Task statement: Write the records out again exactly as they read, dropping any picture they hold.

▼▼▼

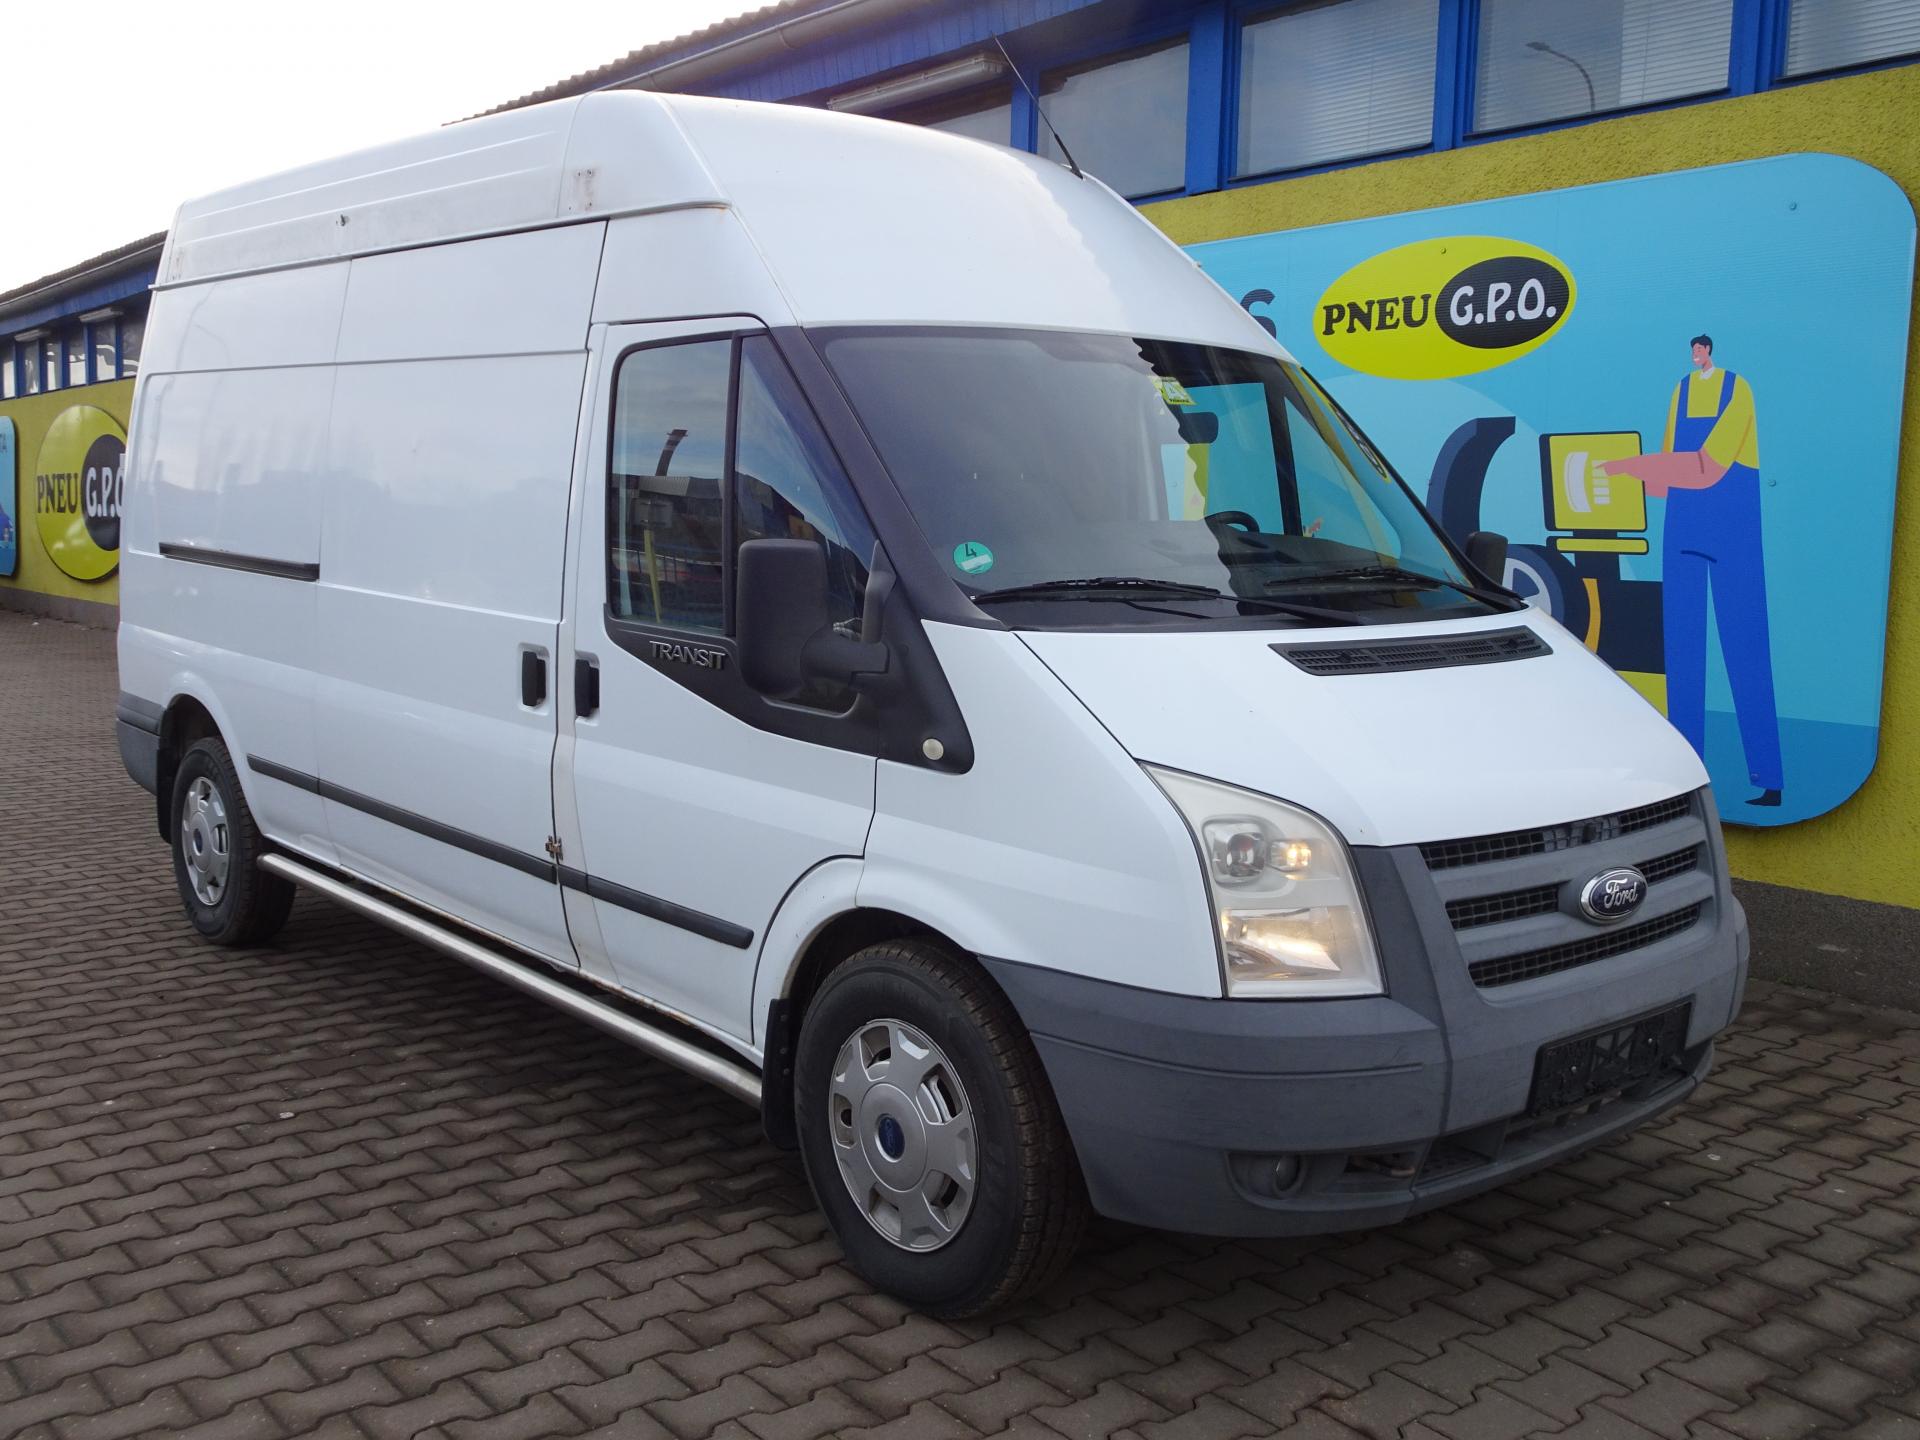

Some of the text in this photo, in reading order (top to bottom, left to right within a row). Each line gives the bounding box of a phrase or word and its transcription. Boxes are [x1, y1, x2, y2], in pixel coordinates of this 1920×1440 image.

[1323, 279, 1557, 335] PNEU G.P.O.
[37, 473, 79, 513] PNEU
[965, 544, 977, 557] 4
[650, 640, 726, 669] TRANSIT
[1604, 878, 1638, 908] Ford
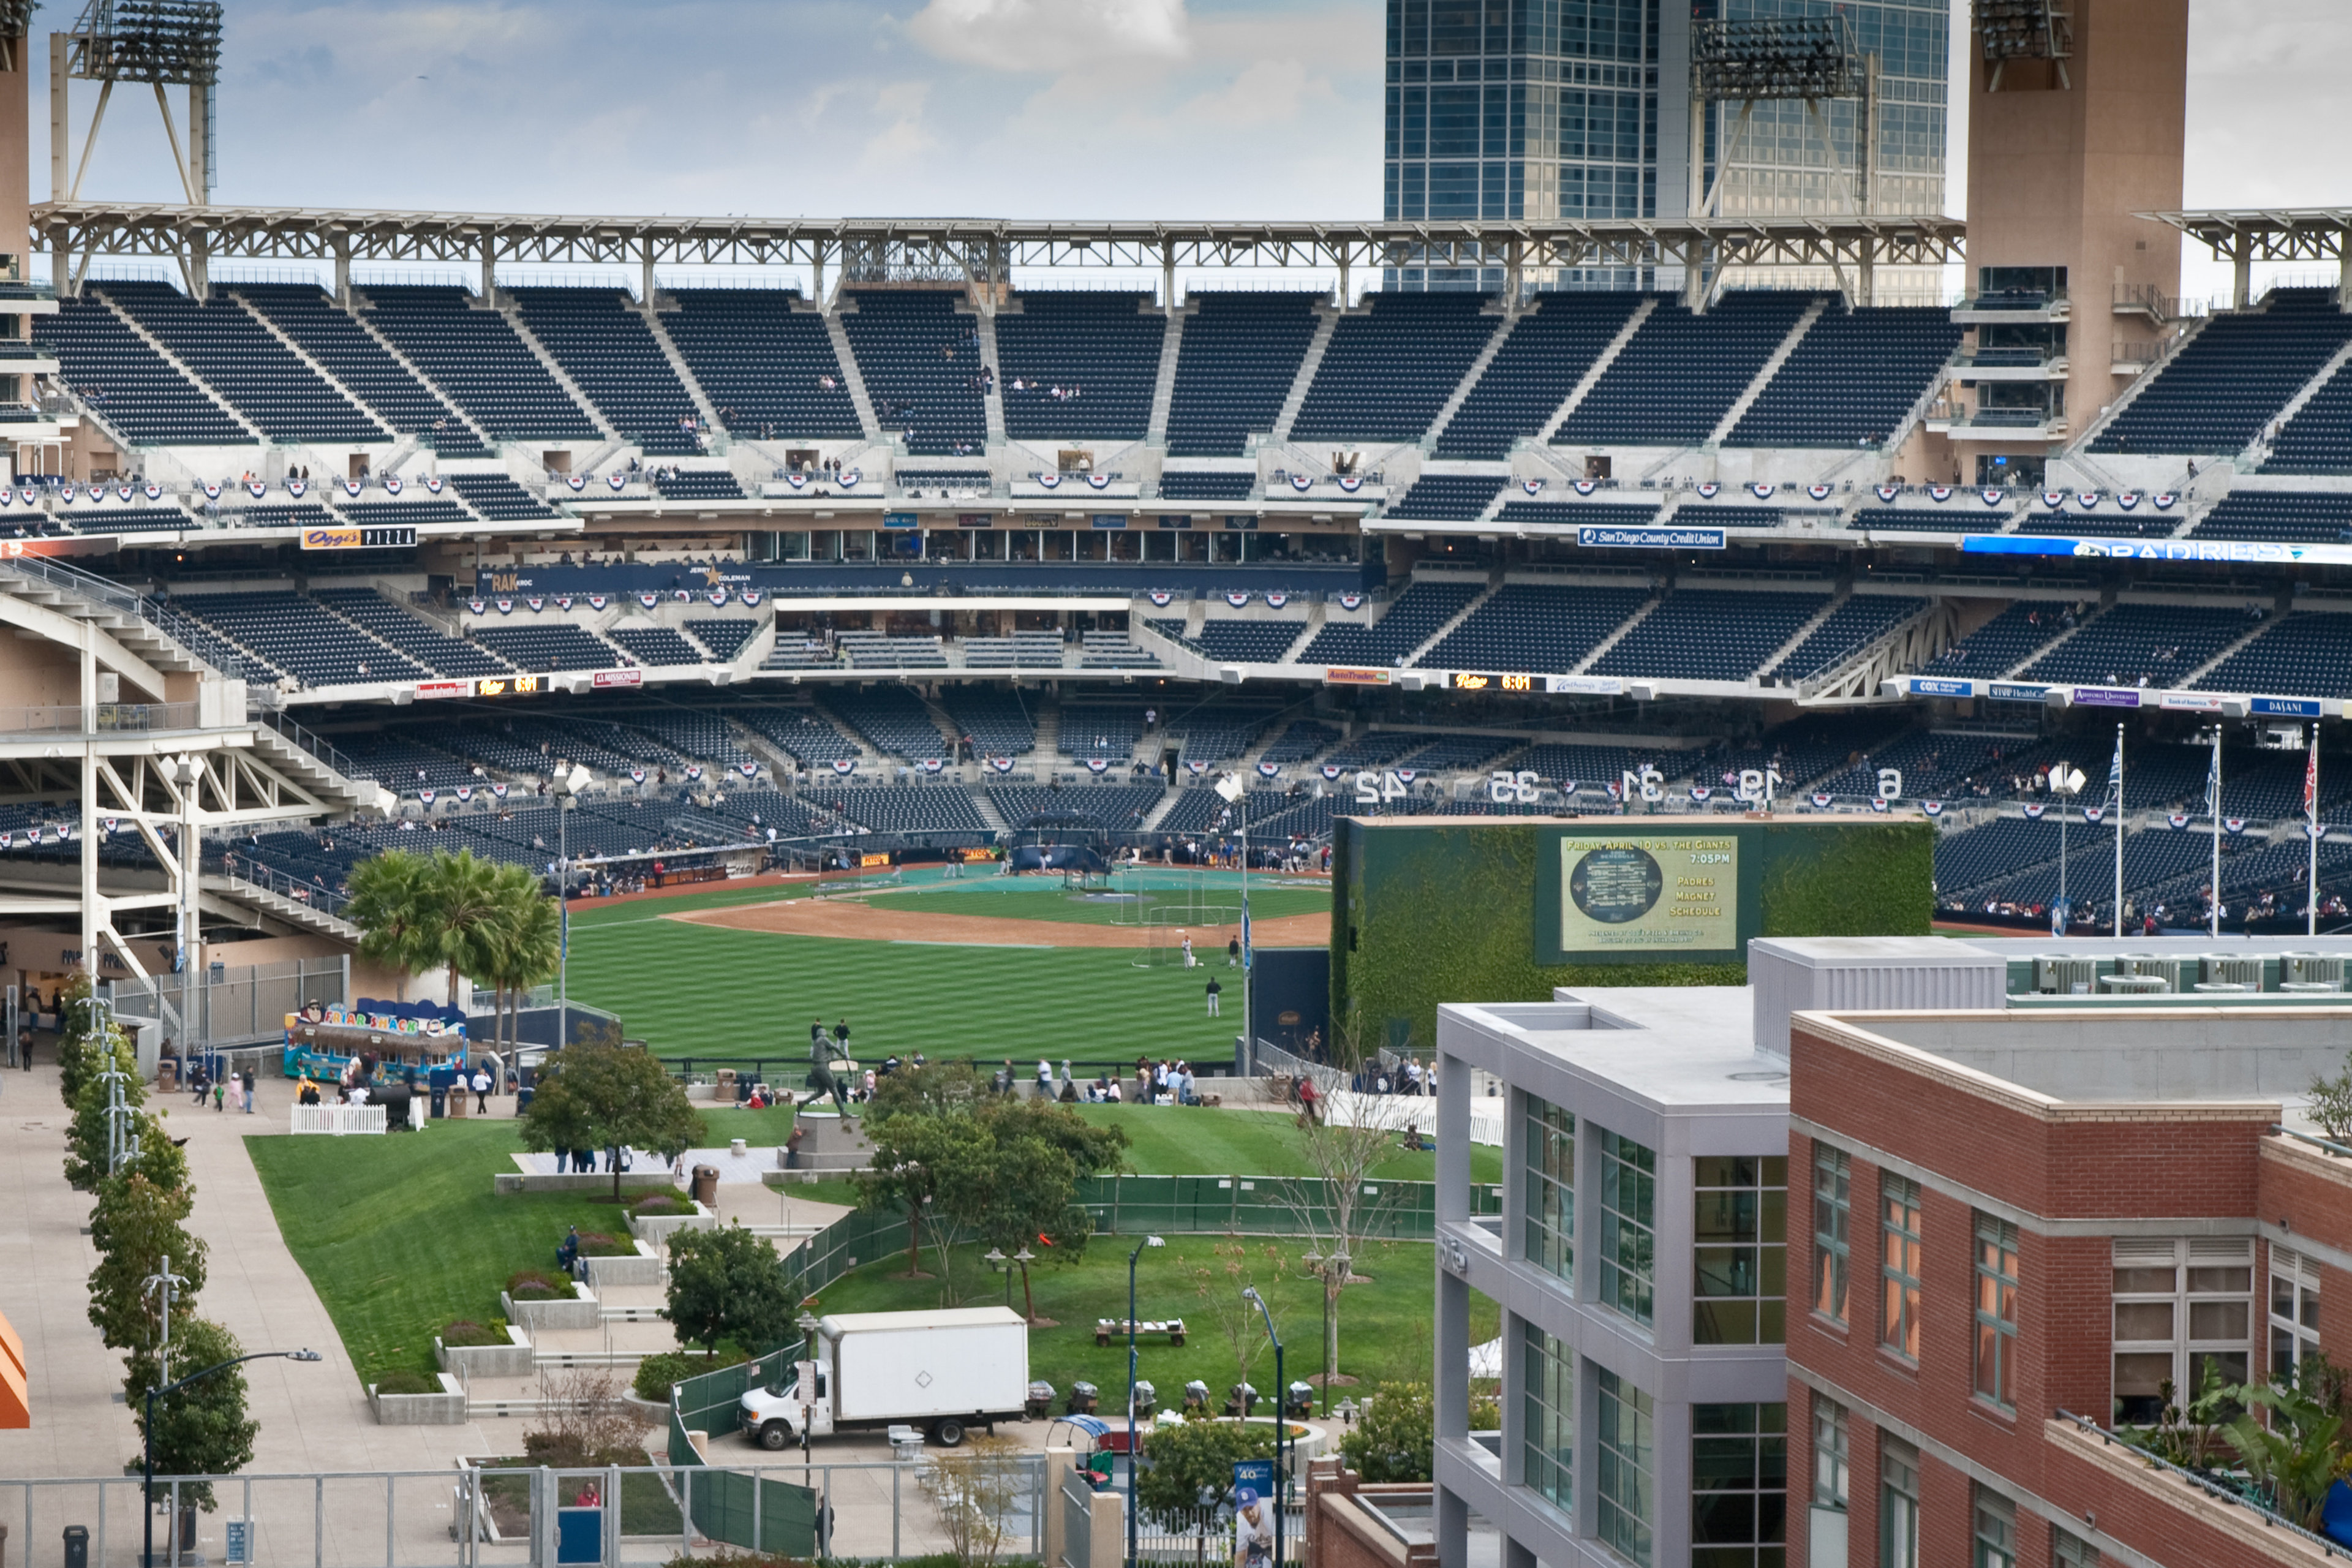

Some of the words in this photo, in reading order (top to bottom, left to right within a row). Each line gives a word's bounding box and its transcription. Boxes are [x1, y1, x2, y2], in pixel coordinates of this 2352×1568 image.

[366, 530, 412, 545] PIZZA
[1599, 531, 1615, 542] San
[1615, 531, 1640, 545] Diego
[1640, 532, 1669, 545] County
[1670, 532, 1694, 543] Credit
[1695, 533, 1719, 545] Union
[2111, 543, 2283, 561] PADRES
[492, 573, 519, 592] RAK
[514, 677, 537, 692] 6:01
[1501, 675, 1531, 690] 6:01
[1919, 681, 1940, 692] COX
[2013, 689, 2045, 699] HealthCar
[2269, 701, 2302, 713] DASANI
[1605, 841, 1634, 850] APRIL
[1638, 840, 1651, 850] 10
[1695, 840, 1731, 850] GIANTS
[1690, 854, 1730, 864] 7:05PM
[1677, 876, 1714, 886] PADRES
[1675, 892, 1716, 902] MAGNET
[1669, 907, 1721, 916] SCHEDULE
[325, 1011, 366, 1026] FRIAR
[370, 1016, 417, 1032] SHACK
[1240, 1469, 1256, 1480] 40
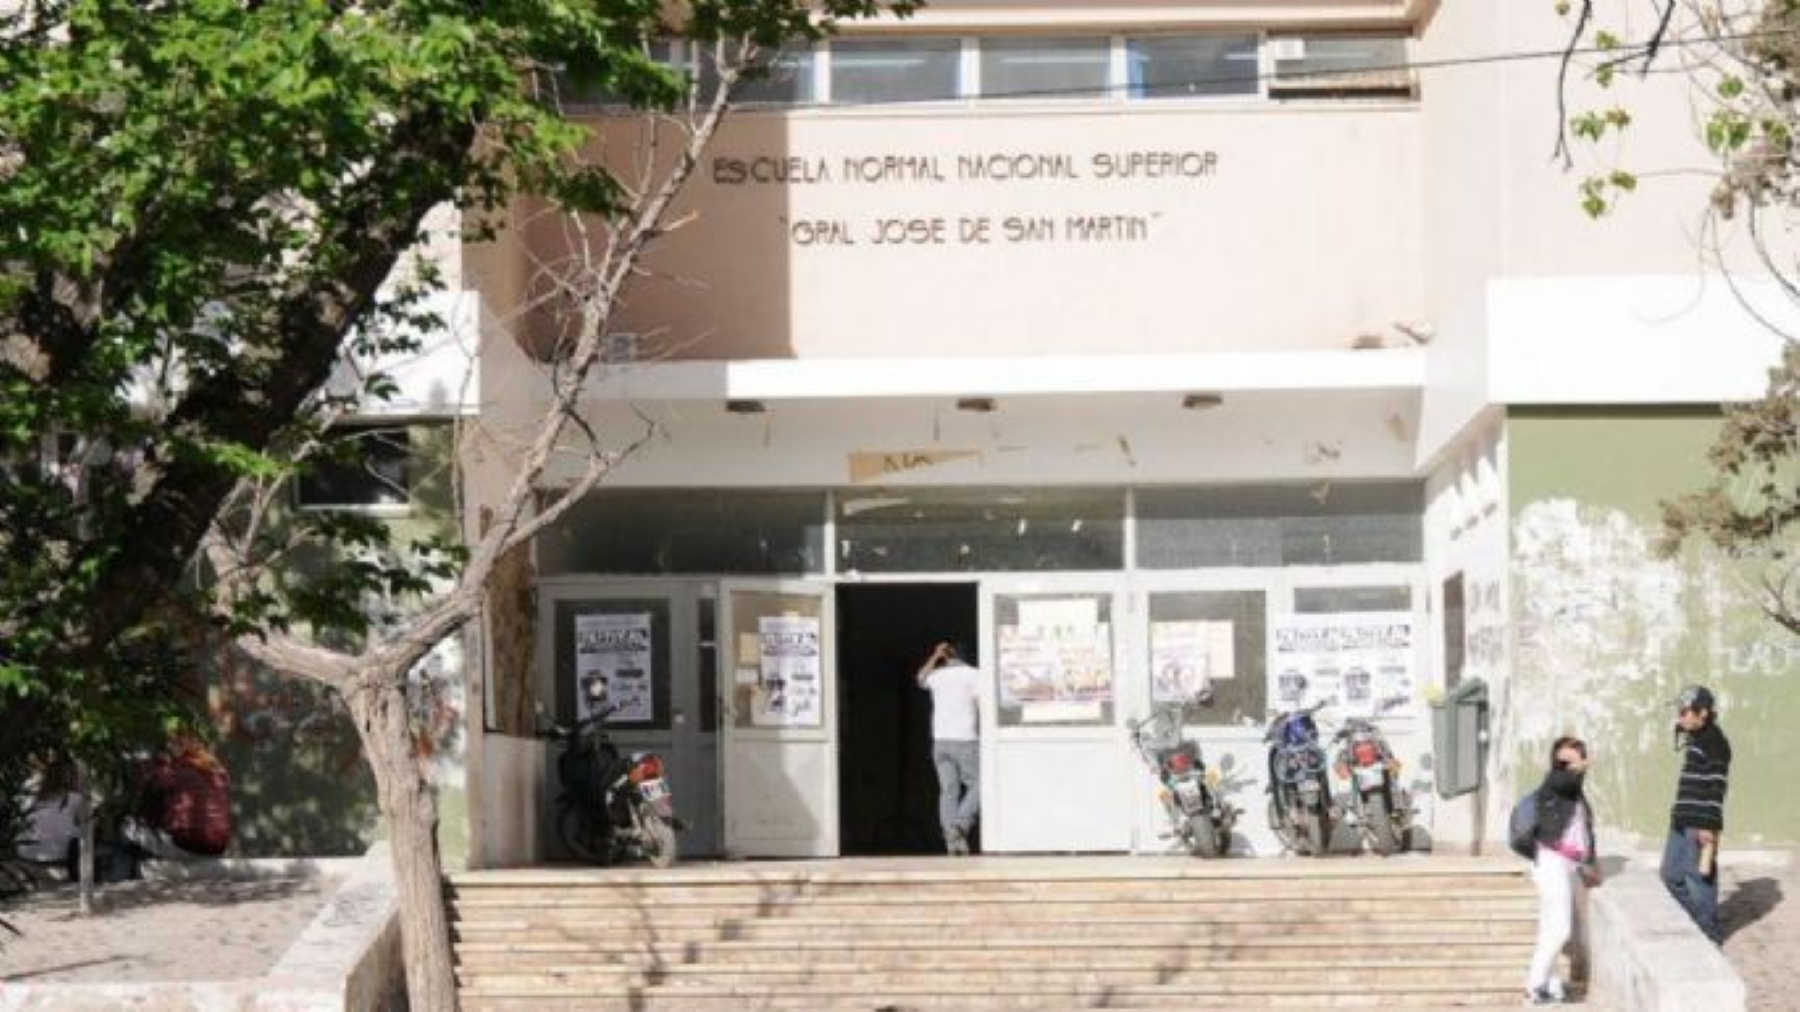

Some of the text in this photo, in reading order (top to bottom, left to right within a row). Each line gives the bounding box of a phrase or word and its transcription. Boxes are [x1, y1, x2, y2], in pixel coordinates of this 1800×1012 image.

▲▲▲

Result of the exercise:
Some of the text in this photo, in reading order (top to bottom, left to right within a row). Each line gives the bounding box of a phrase or word and its transcription. Boxes are [x1, y1, x2, y2], in pixel coordinates of this 1920×1440 image.

[1323, 279, 1557, 335] PNEU G.P.O.
[37, 473, 79, 513] PNEU
[965, 544, 977, 557] 4
[650, 640, 726, 669] TRANSIT
[1604, 878, 1638, 908] Ford

Some of the words in this photo, in reading order (top to bottom, left to right within a row). Each line gives a word's bounding box and its transcription. Boxes are [x1, y1, x2, y2], in pixel coordinates of this 2352×1568 image.

[366, 530, 412, 545] PIZZA
[1599, 531, 1615, 542] San
[1615, 531, 1640, 545] Diego
[1640, 532, 1669, 545] County
[1670, 532, 1694, 543] Credit
[1695, 533, 1719, 545] Union
[2111, 543, 2283, 561] PADRES
[492, 573, 519, 592] RAK
[514, 677, 537, 692] 6:01
[1501, 675, 1531, 690] 6:01
[1919, 681, 1940, 692] COX
[2013, 689, 2045, 699] HealthCar
[2269, 701, 2302, 713] DASANI
[1605, 841, 1634, 850] APRIL
[1638, 840, 1651, 850] 10
[1695, 840, 1731, 850] GIANTS
[1690, 854, 1730, 864] 7:05PM
[1677, 876, 1714, 886] PADRES
[1675, 892, 1716, 902] MAGNET
[1669, 907, 1721, 916] SCHEDULE
[325, 1011, 366, 1026] FRIAR
[370, 1016, 417, 1032] SHACK
[1240, 1469, 1256, 1480] 40

Some of the text in this photo, in reading order (top to bottom, left to right within a row). Each line gives the bounding box of a phrase or word and its transcription. Boxes are [x1, y1, x2, y2], in pixel coordinates of this 1800×1012 image.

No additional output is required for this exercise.